Blood pressure measurement is the most common measurement that is made in clinical practice. There is a large market for
commercially available blood pressure devices, and in Germany alone, approximately 1.2 million blood pressure devices are sold annually for personal use. However, there are claims that a majority of blood pressure devices available on the European Union market have not been validated.
Objectives: The purpose of this study was to examine differences between external and internal cuffs when using an oscillometric waveform simulator; to investigate blood pressure device validity and differences within models; and to examine how a simulator
could be used in the acquisition of blood pressure devices,
before these devices are implemented in the clinical domain.
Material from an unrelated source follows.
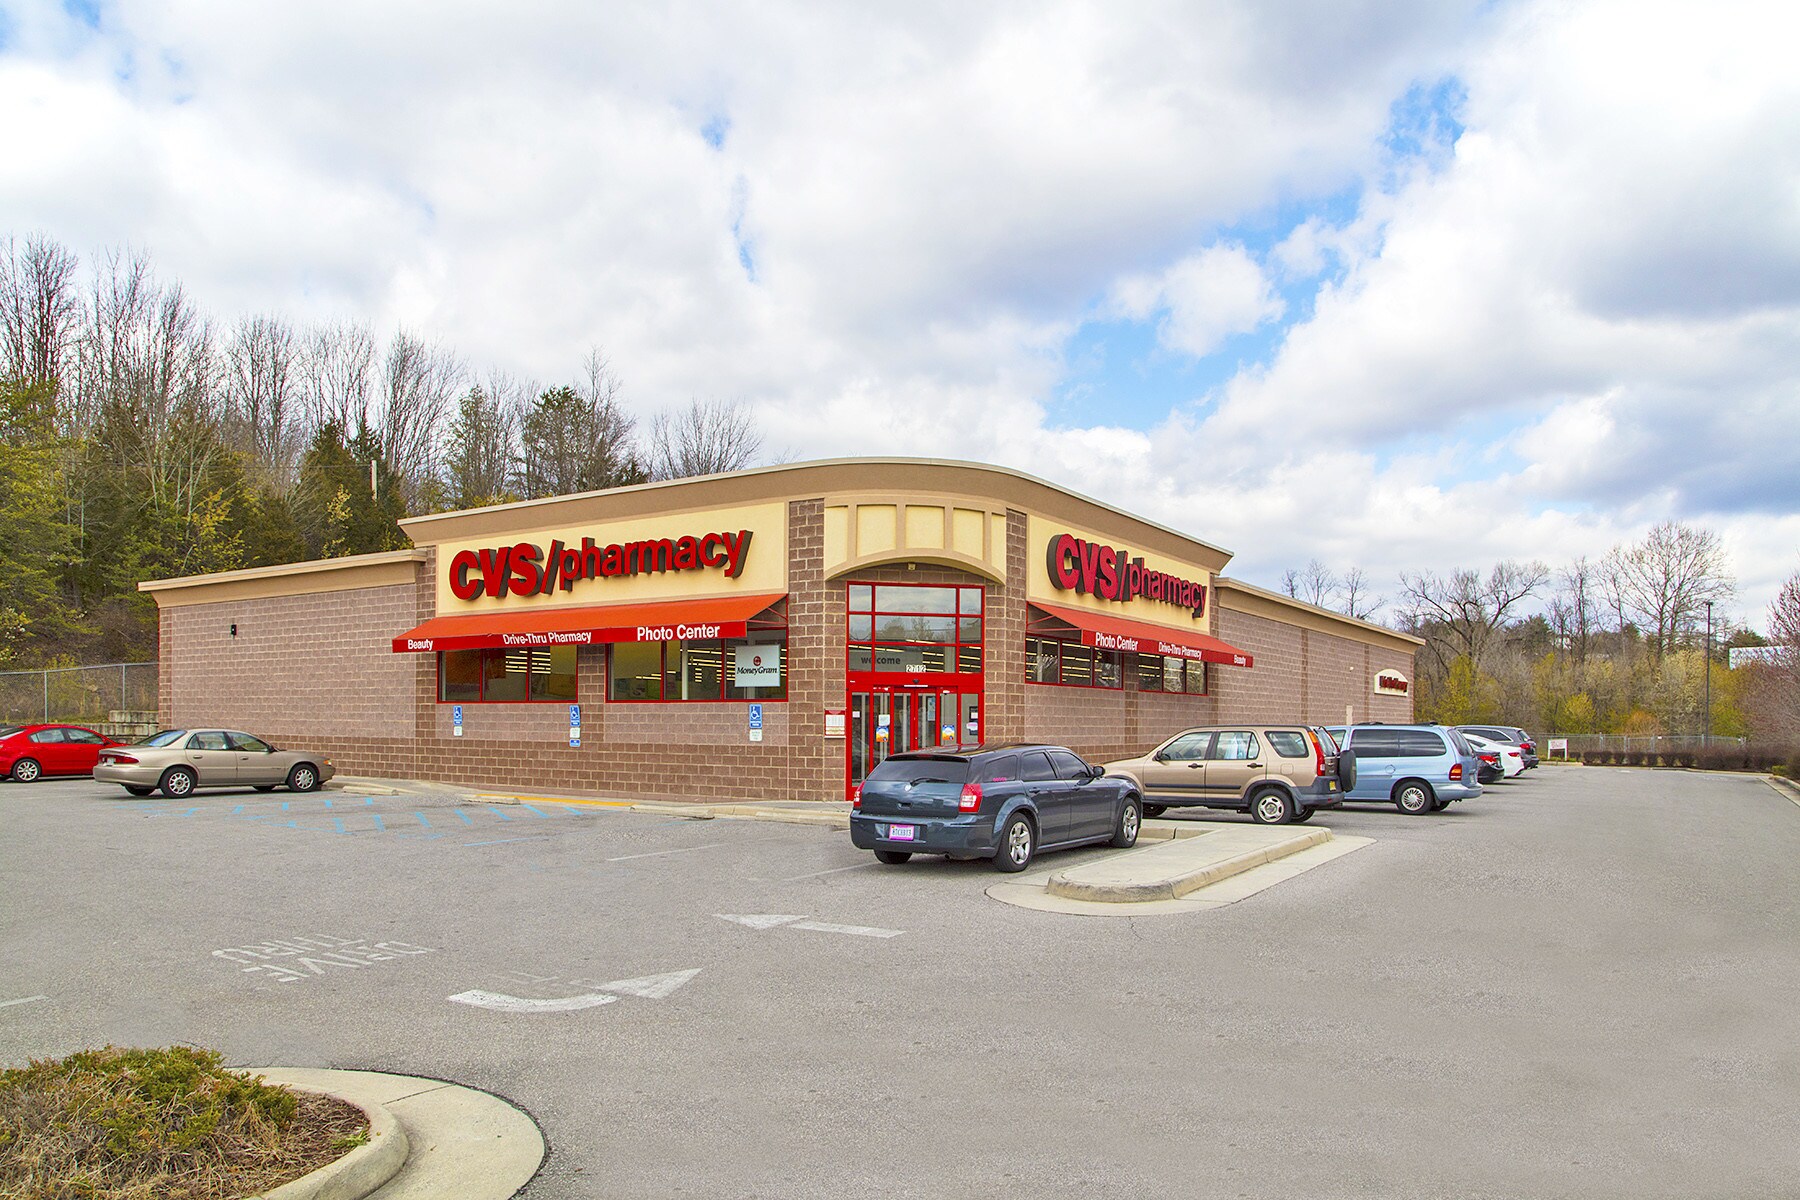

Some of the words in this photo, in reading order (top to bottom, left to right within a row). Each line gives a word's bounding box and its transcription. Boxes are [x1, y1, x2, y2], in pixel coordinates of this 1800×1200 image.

Methods: Two different models of blood pressure devices, 10 devices per model, were utilized. A simulator was used to generate 8 physiological oscillometric waveforms.
Results: Differences between cuffs did not exceed acceptable measurement limits of ± 3 mmHg, however, many devices were excluded when using the internal simulator cuff. Neither model was able to produce valid measurements within ± 3 mmHg for all 8 simulations. Measurement errors ranged from -3 to 4 mmHg (Model 1), and -8 to 6 mmHg (Model 2).
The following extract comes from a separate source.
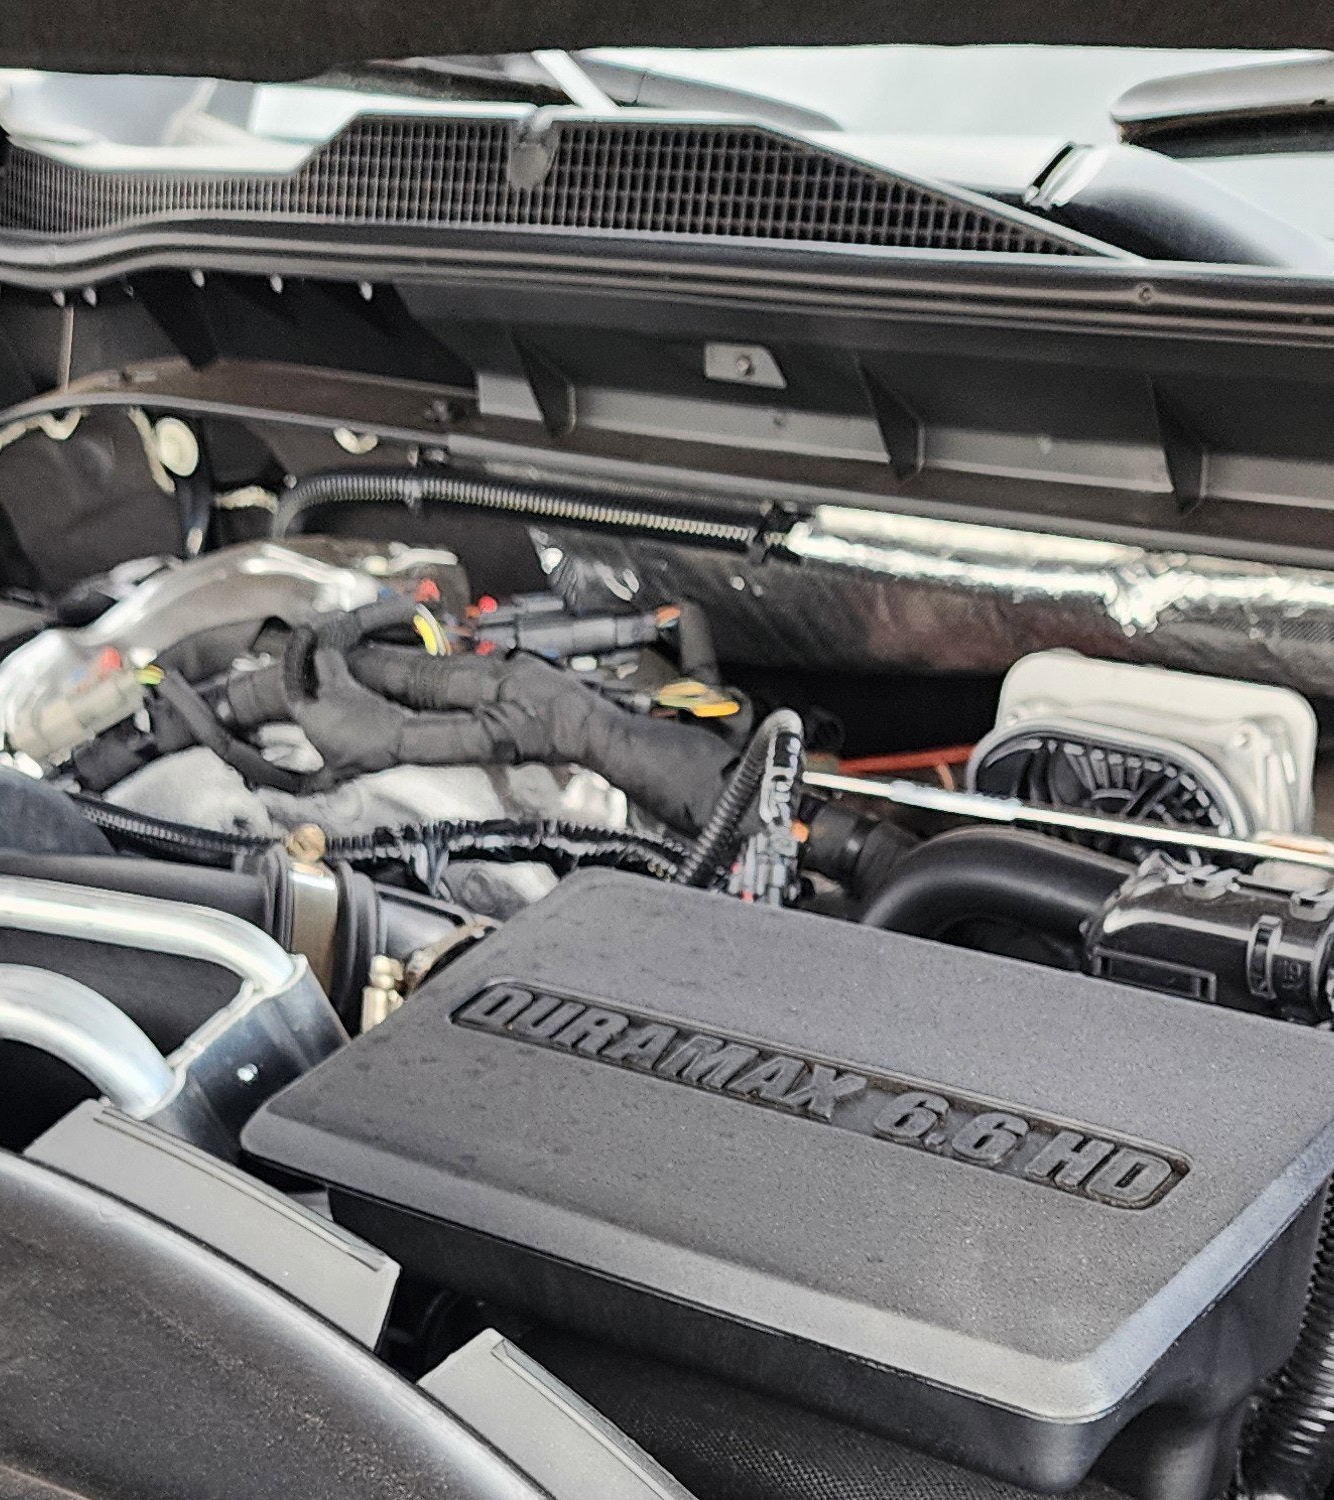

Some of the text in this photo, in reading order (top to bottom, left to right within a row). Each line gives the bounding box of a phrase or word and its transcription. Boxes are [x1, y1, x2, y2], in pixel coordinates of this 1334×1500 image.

Differences within models showed significant differences for both Model 1 and Model 2.
Conclusions: Many factors may have had an influence on the validity of the measurements obtained with both models, including: simulator and blood pressure device employment of differing proprietary algorithms, and measurement variability caused by a lack of pressure transducer calibration. Further studies are needed to increase the understanding of the oscillometric method and oscillometric waveforms, so that improved blood pressure devices and oscillometric waveform simulators can be designed.